To adress the dumping of cigeratte _filters_ not buds, why not simply put ever
larger return deposits (like many nations have on certain glass bottles etc)
on the filters? If your pack of cigarettes cost say $20, but $30 dollars extra
for the filters, then smokers _will_ keep their filters and turn them in when
they buy their new pack. OK, a lot of people behave irrationally when drinking
while smoking, but some of the present smokers will still be cheap enough to
collect all the filters that people leave in the local ashtray instead of in
their portable ones... The difference is between $50 or $20 for the next pack
of cigarettes. Use the same per filter price for loose filters for the people
who roll cigarettes.

2)

I am addicted to smoking, and smoke cigarettes without filter. As far as I
understand both paper and tobacco biodegrade. On the street I throw the butts
(not filters!) in the gutters, preferentially through the grid straight into
the sewer.

I have had many discussions with other smokers, and there is a guaranteed
subject that returns: whenever the taxes and hence prices of tobacco products
rise a fraction of the previous cost. Just like the smokers are addicted to
the cigarettes, the tobacco companies _and the government_ are "addicted to
the smokers" or rather: exploit the smokers.

Over ten years that I smoke the price has more than tripled perhaps quadrupled
(Belgium, Europe). The justification behind increasing the prices is always to
encourage people to stop smoking. The discussion I have with these other
smokers whenever the price has risen always ends with the same conclusion:
they don't want us to stop smoking, they just want to extract more money by
using small increments, and letting us get accustomed to the new price. We
always reach the conclusion it would be better to not let the price rise for a
couple of years and then _double_ the price of tobacco products. A lot of
people would stop simply because they don't economically agree to the new
price, and many who want to stop but have a hard time because their friends
are still smoking would have an easier time because it would _synchronize_ our
efforts to stop smoking. Obviously that will lead to a substantial loss of
income to both tobacco industry and government, who are sponsoring various
cancer treatments (both tobacco related and unrelated cancers) with the income
from tobacco products. The "beautiful" aspect is that in contrast to non-
addictive products the lobbyists for tobacco companies don't even need to
bribe government, since government has been co-opted through taxation.

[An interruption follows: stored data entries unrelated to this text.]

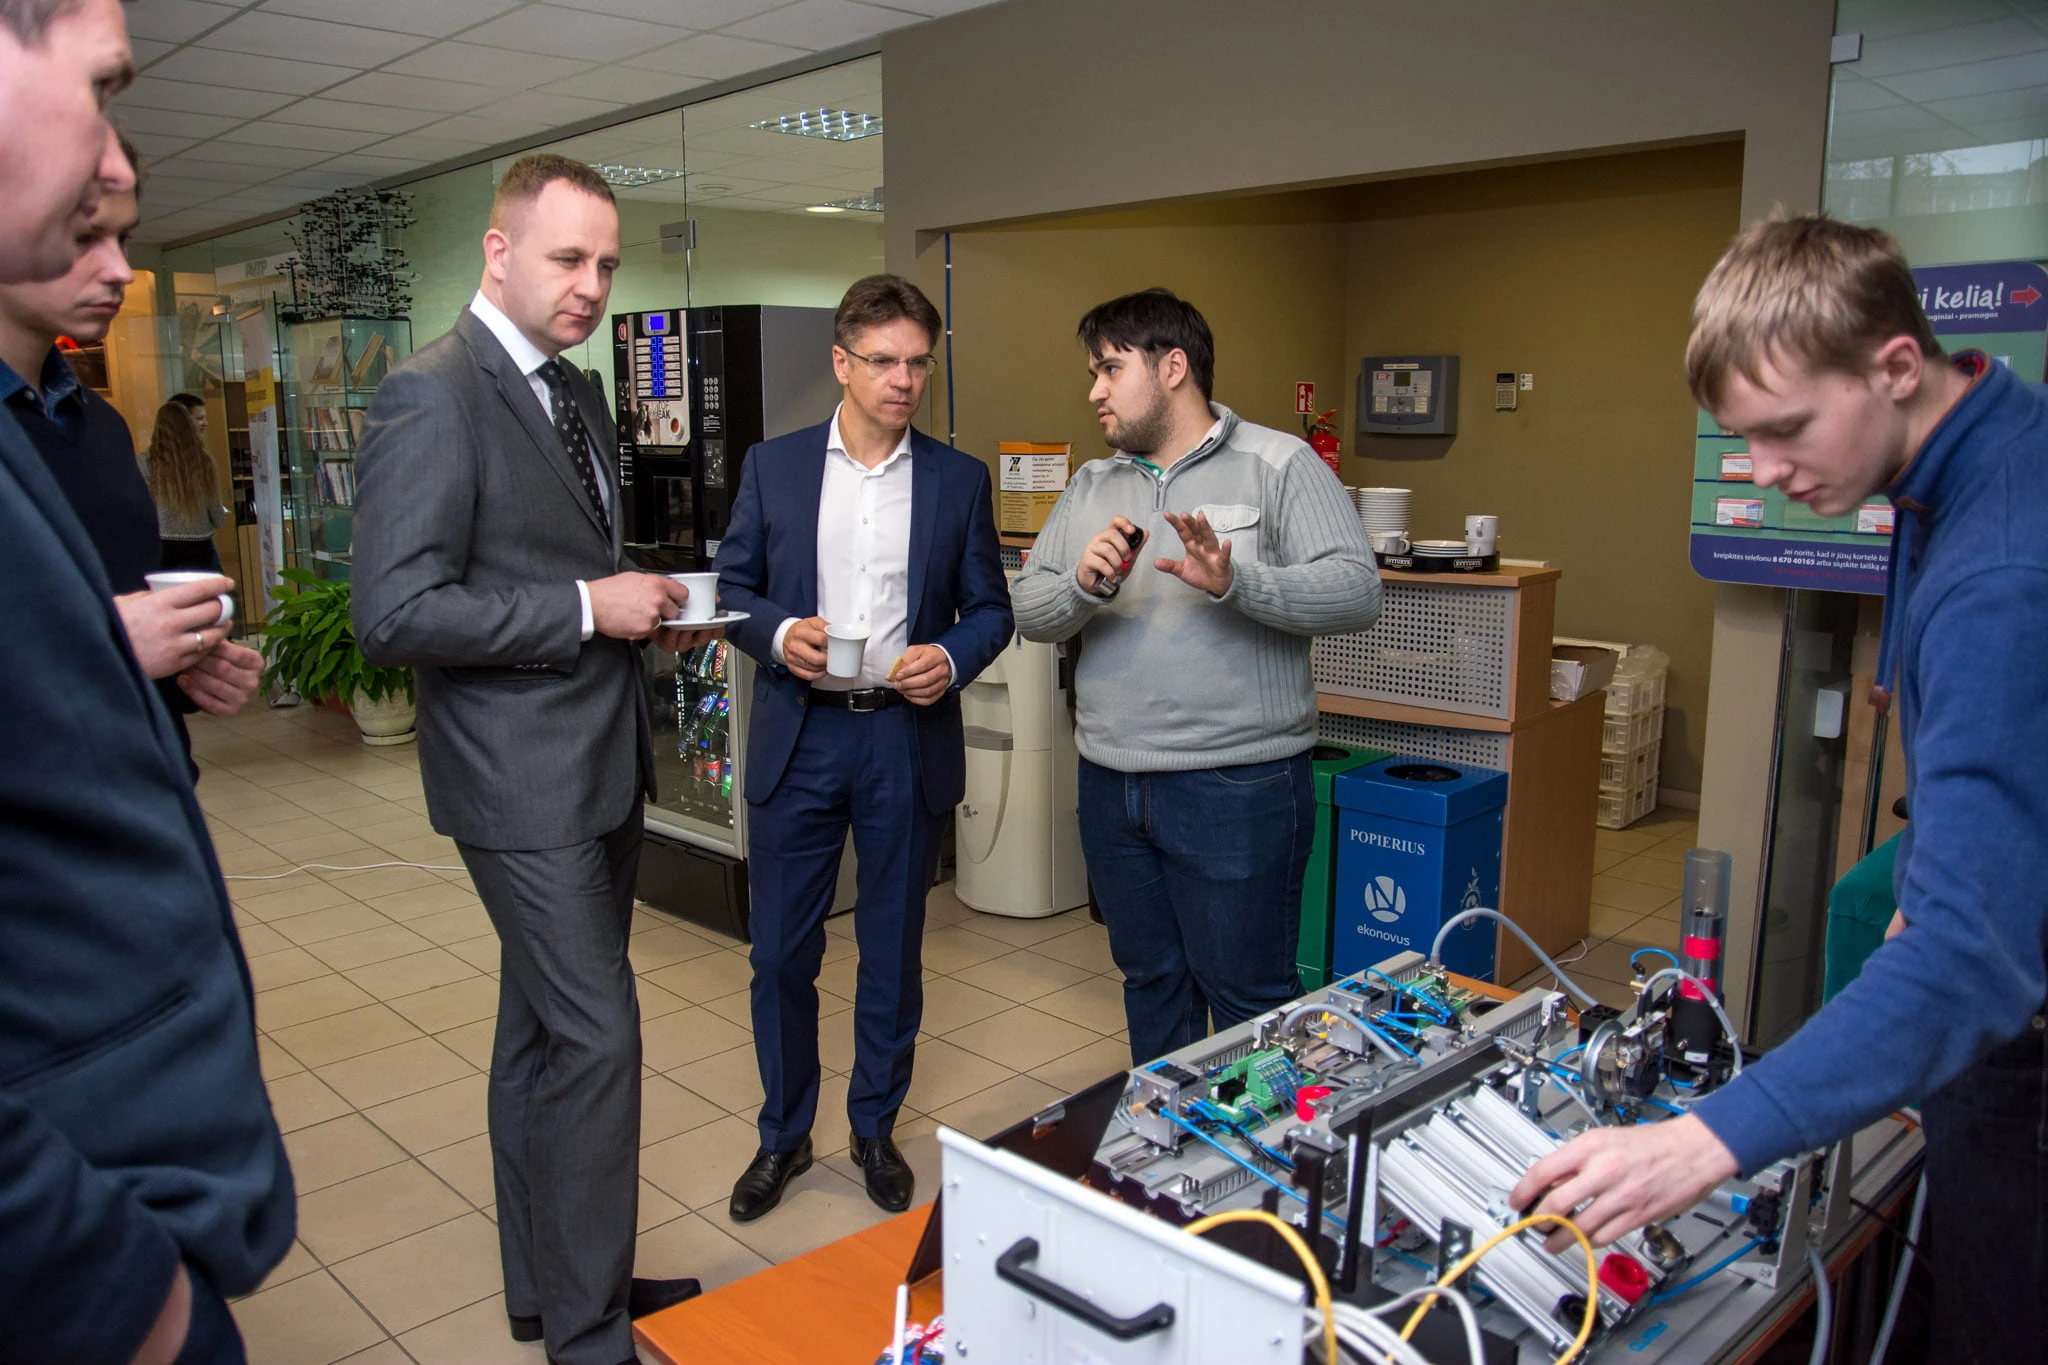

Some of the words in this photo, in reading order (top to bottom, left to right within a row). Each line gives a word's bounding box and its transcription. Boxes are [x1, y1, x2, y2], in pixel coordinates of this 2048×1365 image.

[1934, 282, 2004, 310] kelią!
[1778, 556, 1792, 564] 670
[1793, 557, 1816, 565] 40165
[1817, 550, 1830, 558] kad
[1350, 828, 1425, 856] POPIERIUS
[1356, 923, 1411, 946] ekonovus
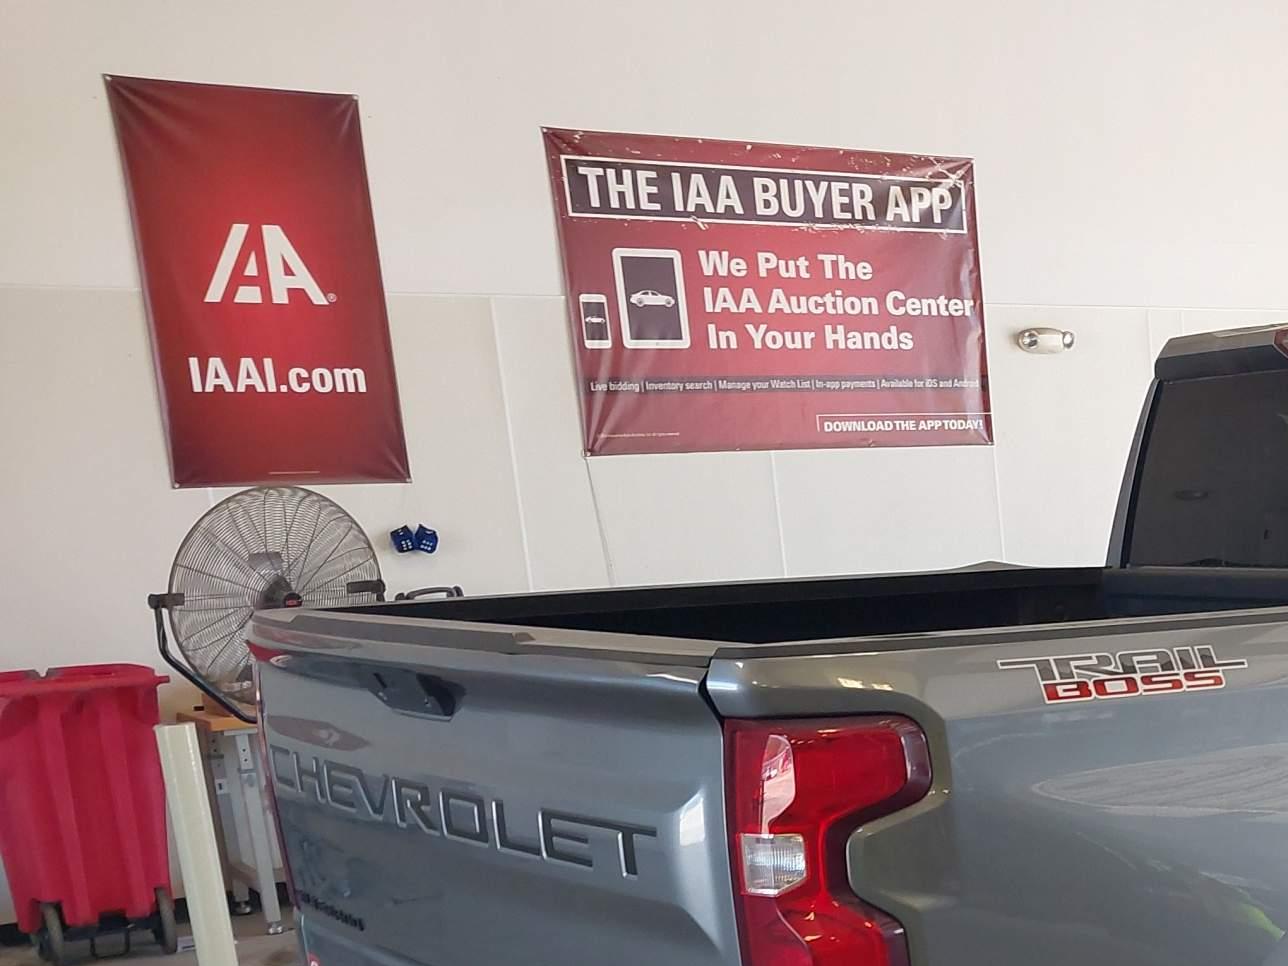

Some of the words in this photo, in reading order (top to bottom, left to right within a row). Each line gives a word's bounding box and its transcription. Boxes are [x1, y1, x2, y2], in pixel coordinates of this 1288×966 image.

[577, 166, 661, 211] THE
[670, 172, 745, 215] IAA
[752, 177, 876, 221] BUYER
[885, 185, 952, 224] APP
[698, 250, 748, 277] We
[757, 252, 811, 279] Put
[817, 254, 873, 280] The
[703, 287, 762, 313] IAA
[767, 288, 879, 315] Auction
[885, 290, 974, 317] Center
[707, 323, 738, 349] In
[745, 323, 816, 350] Your
[824, 324, 914, 350] Hands
[188, 356, 367, 393] IAAI.com
[590, 381, 607, 392] Live
[609, 381, 640, 393] bidding
[645, 380, 683, 392] Inventory
[684, 380, 713, 390] search
[718, 380, 751, 390] Manage
[752, 381, 769, 391] your
[769, 379, 796, 389] Watch
[796, 379, 811, 389] List
[815, 379, 840, 390] In-app
[840, 379, 876, 389] payments
[880, 378, 914, 389] Available
[913, 379, 925, 388] for
[939, 379, 953, 388] and
[824, 420, 893, 432] DOWNLOAD
[893, 420, 916, 431] THE
[918, 420, 942, 431] APP
[942, 419, 984, 431] TODAY!
[997, 644, 1248, 682] TRAIL
[1040, 669, 1226, 704] BOSS
[269, 743, 657, 880] CHEVROLET
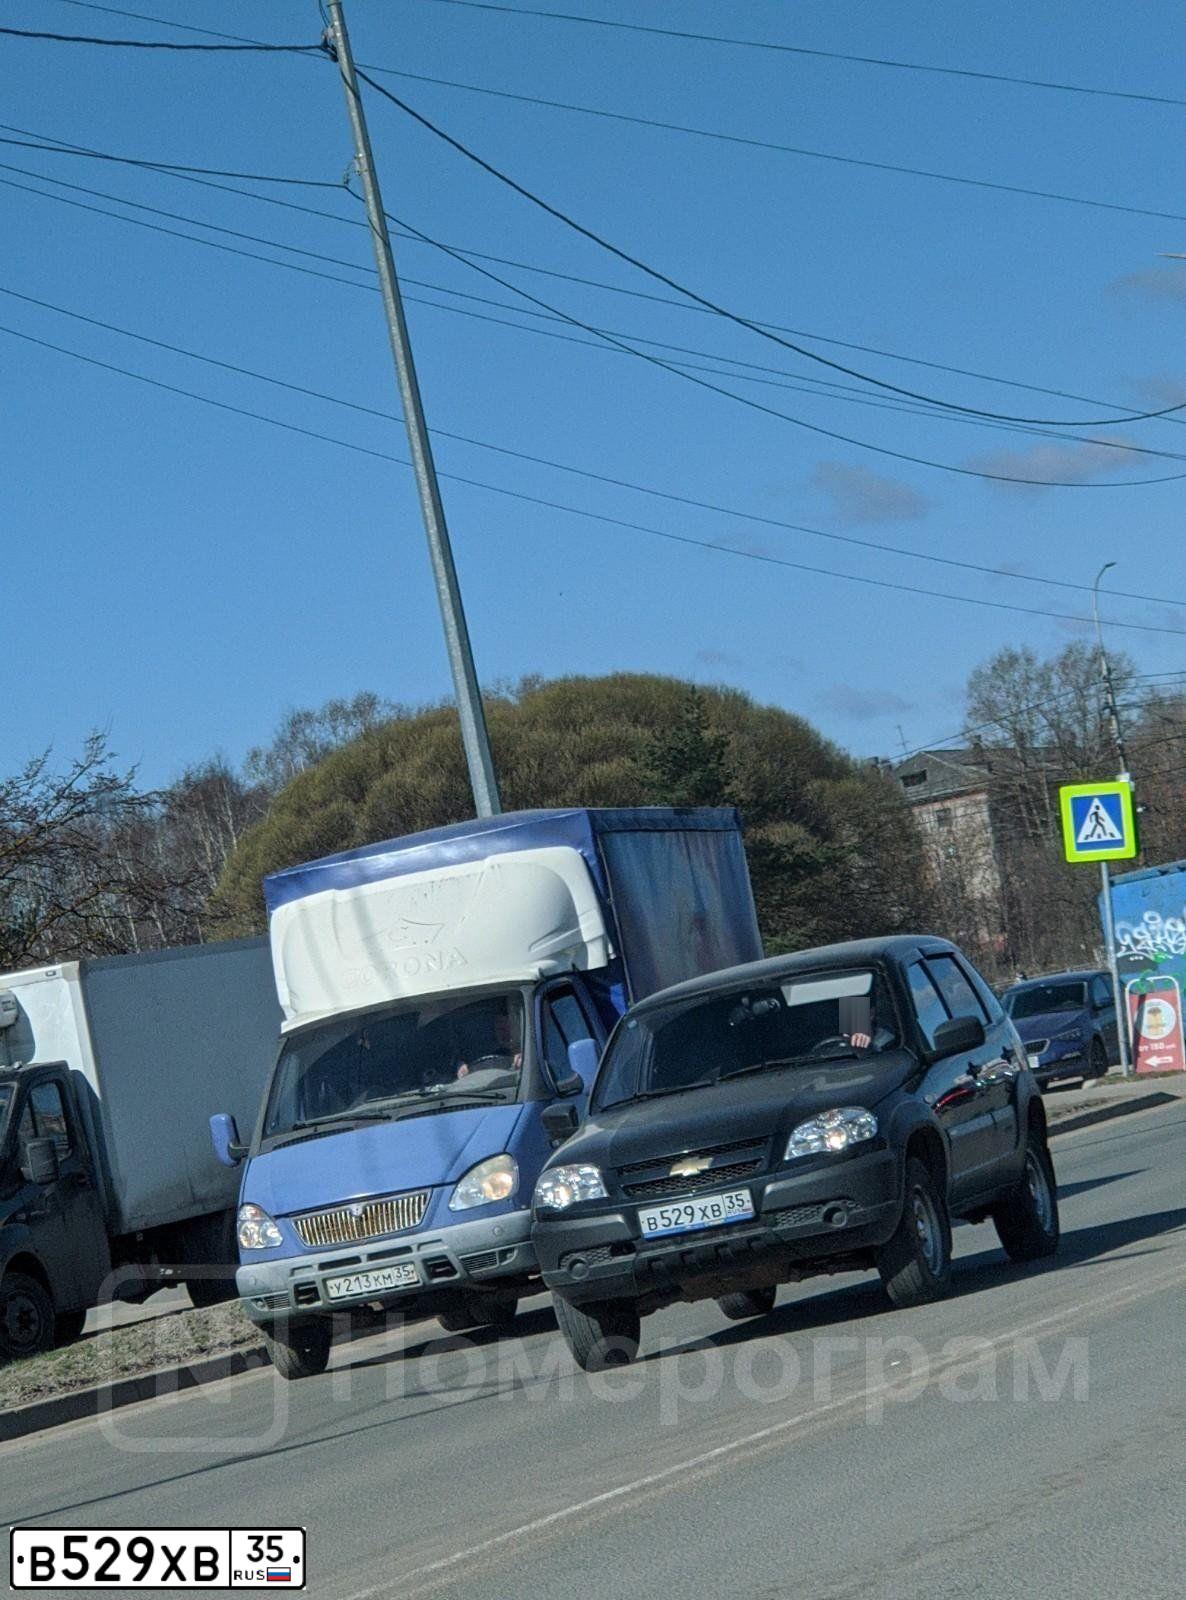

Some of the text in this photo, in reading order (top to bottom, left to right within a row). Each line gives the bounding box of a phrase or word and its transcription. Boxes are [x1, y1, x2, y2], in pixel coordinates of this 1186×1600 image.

[646, 1193, 745, 1231] В529ХВ 35
[334, 1265, 410, 1294] У213КМ 35
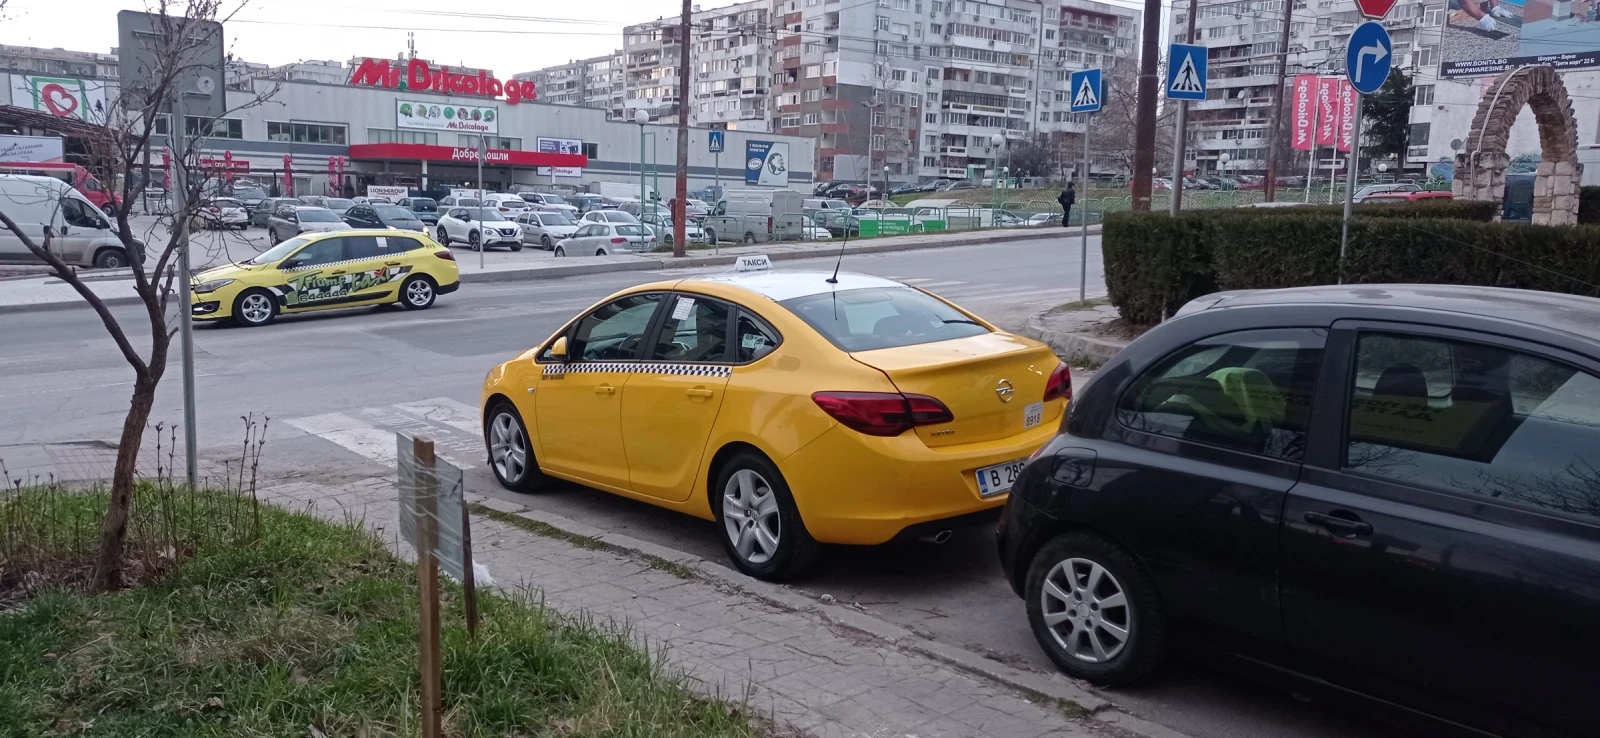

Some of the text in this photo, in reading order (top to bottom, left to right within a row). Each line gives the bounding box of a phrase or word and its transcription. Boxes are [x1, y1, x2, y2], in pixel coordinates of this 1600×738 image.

If we really wish to clear up the cigarette filters, stop smoking, and lower
future health care costs we should look at the "half-life" of cigarettes/euro,
and keep the price constant but double it every such half-life. That would
really give all smokers a memento mori to reconsider our habits, ... but
similarily it would also force tobacco industry _and government_ to kick off
the lucrative income from smokers!

As a smoker (but otherwise a very stubborn person) I can tell you we don't
have the spine to quit, certainly not on the basis of a 5% increasee in price!
Whack us with a price doubling! Then nearly all my friends who smoke, and
unknown people I may meet at performances, events, bars would stop in
synchrony.

3)

Wasn't the mass introduction of filters at least partially a marketing ploy
minimize the health concerns as they started to rise in public perception? How
effective are filters really? Are those smokers who were intimidated into
buying more expensive and "healthier" cigarettes by both industry and family
(indirectly still industry) really the cause of the current widespread
pollution of these filters? Or were it the marketers, similar to all the
pollution of plastic water bottles? A marketing ploy in the quest for money,
with the side effect of polluting nature?